Received 21 August 2007, accepted 11 March 2008
Abstract
Objective: To assess the efficacy of a multimodal, centrally coordinated, multisite hand hygiene culture-change program (HHCCP) for reducing rates of methicillin-resistant Staphylococcus aureus (MRSA) bacteraemia and disease in Victorian hospitals.
Design, participants and setting: A pilot HHCCP was conducted over a 24-month period (October 2004 to September 2006) in six Victorian health care institutions (4 urban, 2 rural; total beds, 2379). Subsequently, we assessed the efficacy of an identical program implemented throughout Victorian public hospitals over a 12-month period (beginning between March 2006 and July 2006).
Main outcome measures: Rates of hand hygiene (HH) compliance; rates of MRSA disease (patients with bacteraemia and number of clinical isolates per 100 patient discharges [PD]).

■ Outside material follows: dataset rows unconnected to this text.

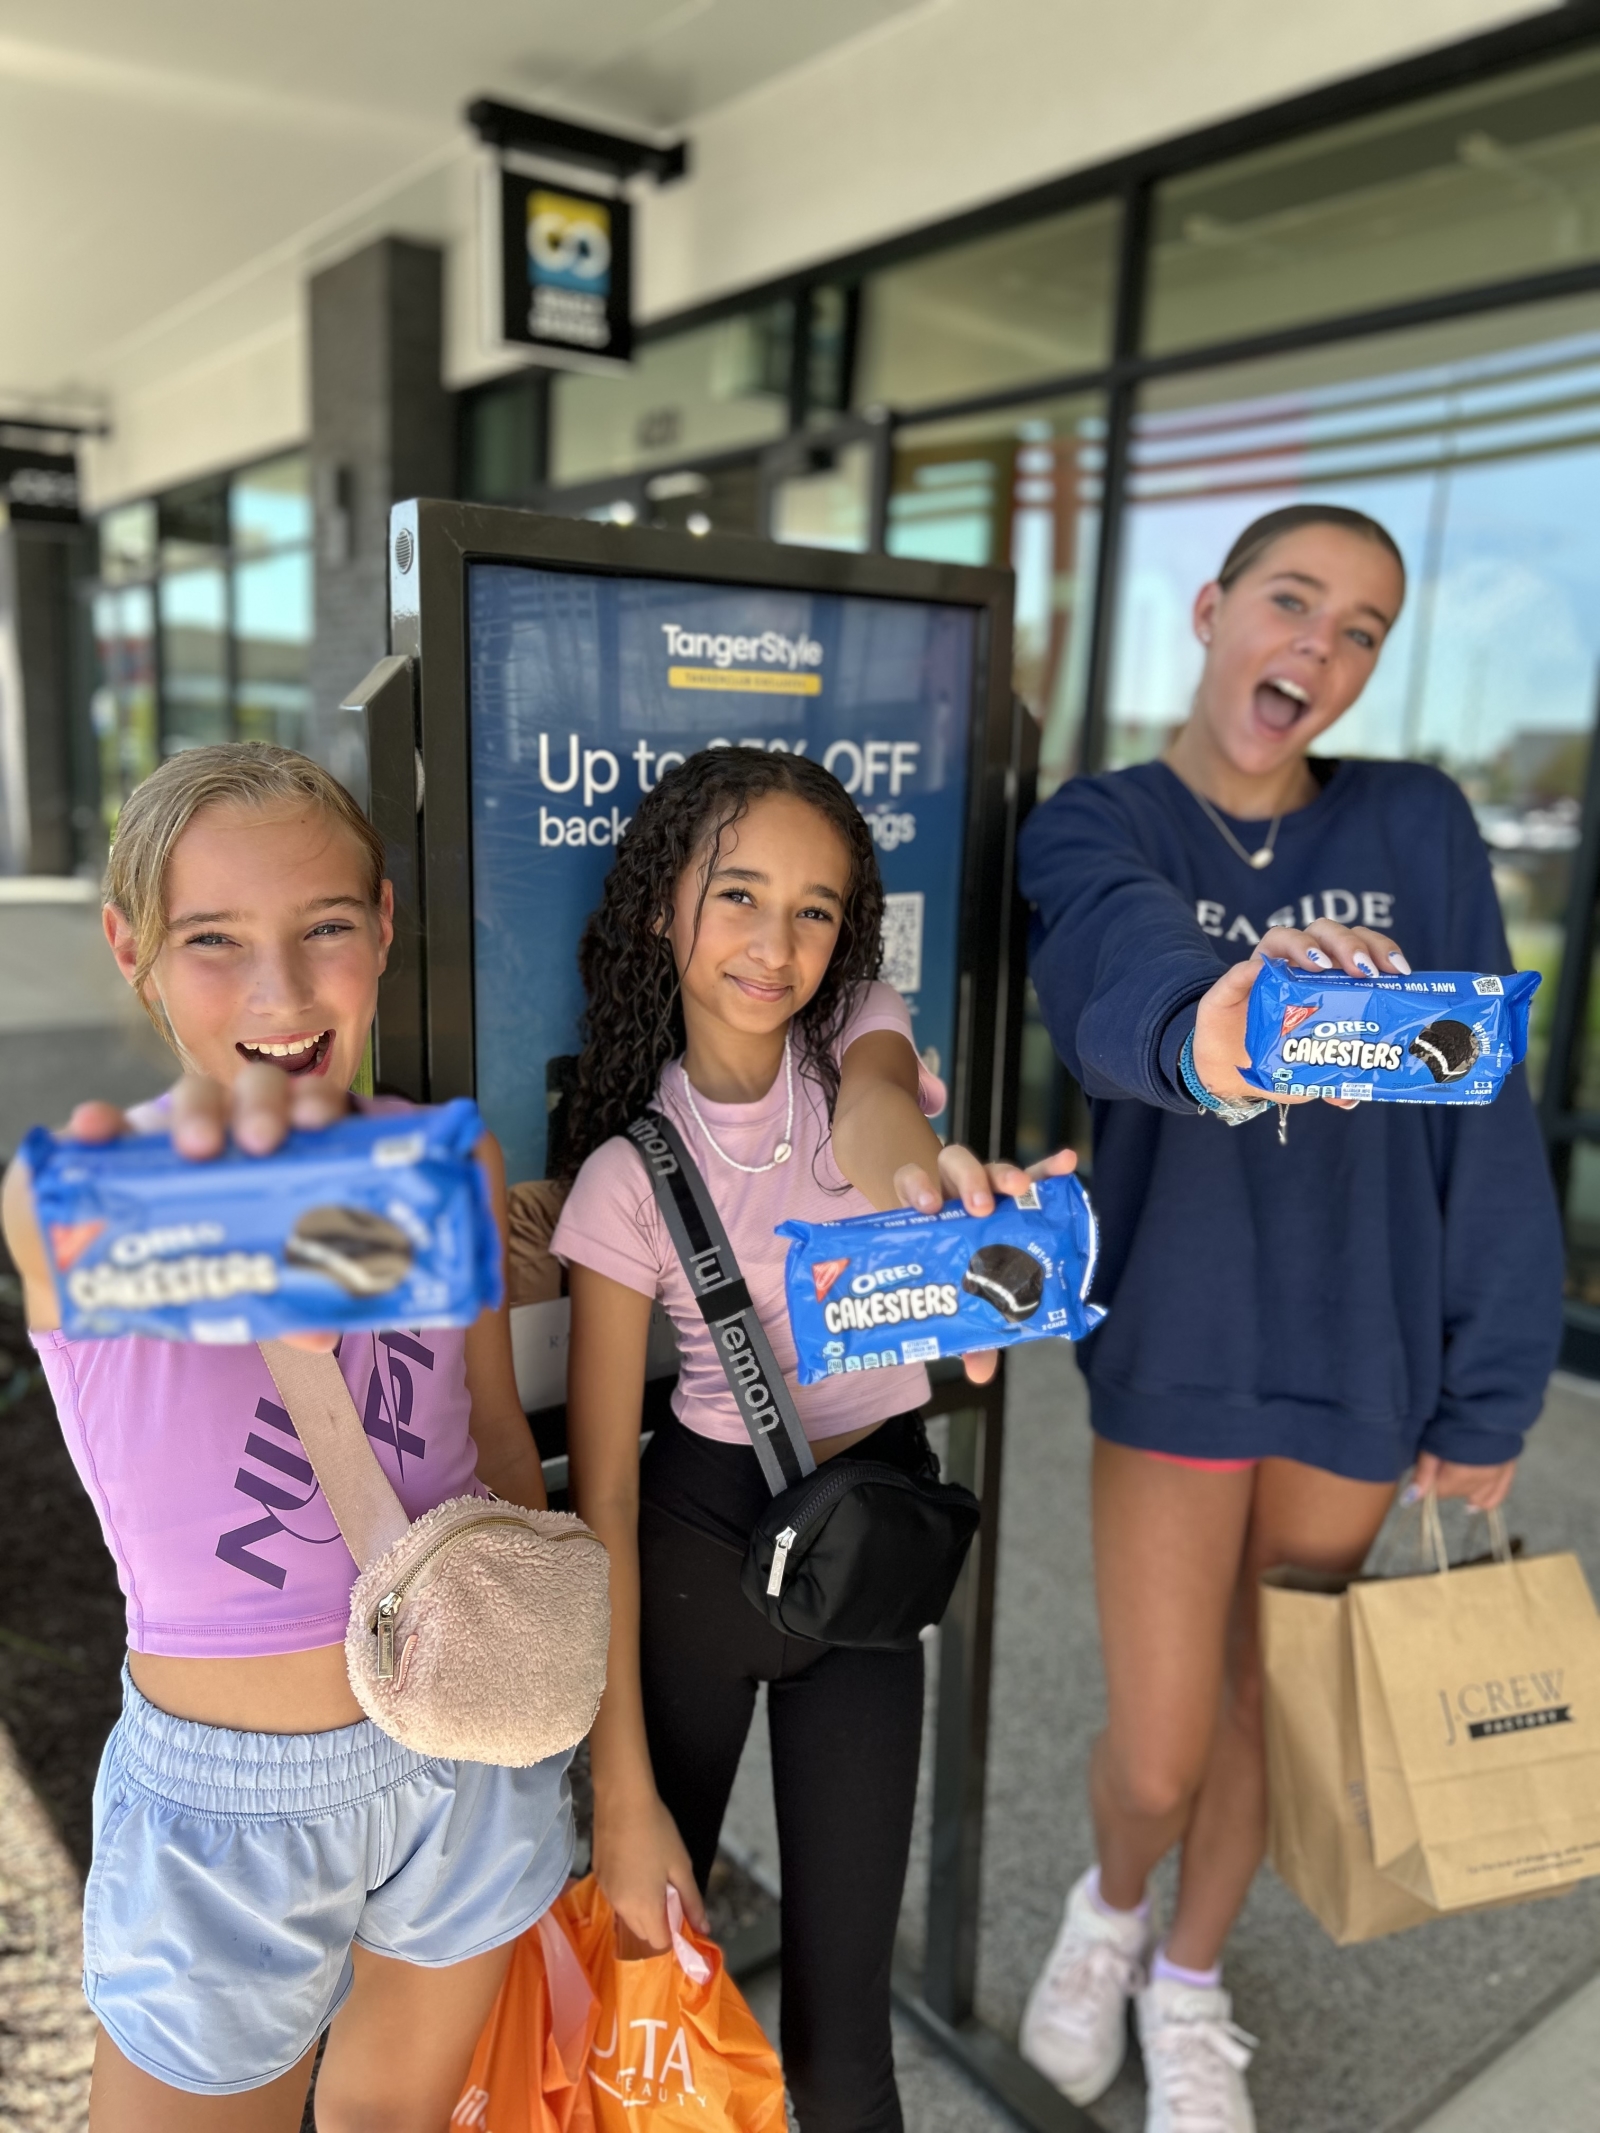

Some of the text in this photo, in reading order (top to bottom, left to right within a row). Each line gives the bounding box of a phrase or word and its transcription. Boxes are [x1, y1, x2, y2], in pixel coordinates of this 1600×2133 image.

[661, 623, 824, 671] TangerStyle
[538, 732, 620, 807] Up
[823, 740, 921, 796] OFF
[1403, 981, 1429, 992] YOUR
[1432, 982, 1456, 993] HAVE
[1314, 1021, 1380, 1038] OREO
[1283, 1037, 1403, 1071] CAKESTERS
[852, 1263, 923, 1294] OREO
[824, 1284, 958, 1334] CAKESTERS

Results: Mean HH compliance improved significantly at all pilot program sites, from 21% (95% CI, 20%–22%) at baseline to 48% (95% CI, 47%–49%) at 12 months and 47% (95% CI, 46%–48%; range, 31%–75%) at 24 months. Mean baseline rates for the number of patients with MRSA bacteraemia and the number of clinical MRSA isolates were 0.05/100 PD per month (range, 0.00–0.13) and 1.39/100 PD per month (range, 0.16–2.39), respectively. These were significantly reduced after 24 months to 0.02/100 PD per month for bacteraemia (P = 0.035 for trend; 65 fewer patients with bacteraemia) and 0.73/100 PD per month for MRSA isolates (P = 0.003; 716 fewer isolates). Similar findings were noted 12 months after the statewide roll-out, with an increase in mean HH compliance (from 20% to 53%; P < 0.001) and reductions in the rates of MRSA isolates (P = 0.043) and bacteraemias (P = 0.09).
Conclusions: Pilot and subsequent statewide implementation of a multimodal HHCCP was effective in significantly improving HH compliance and reducing rates of MRSA infection.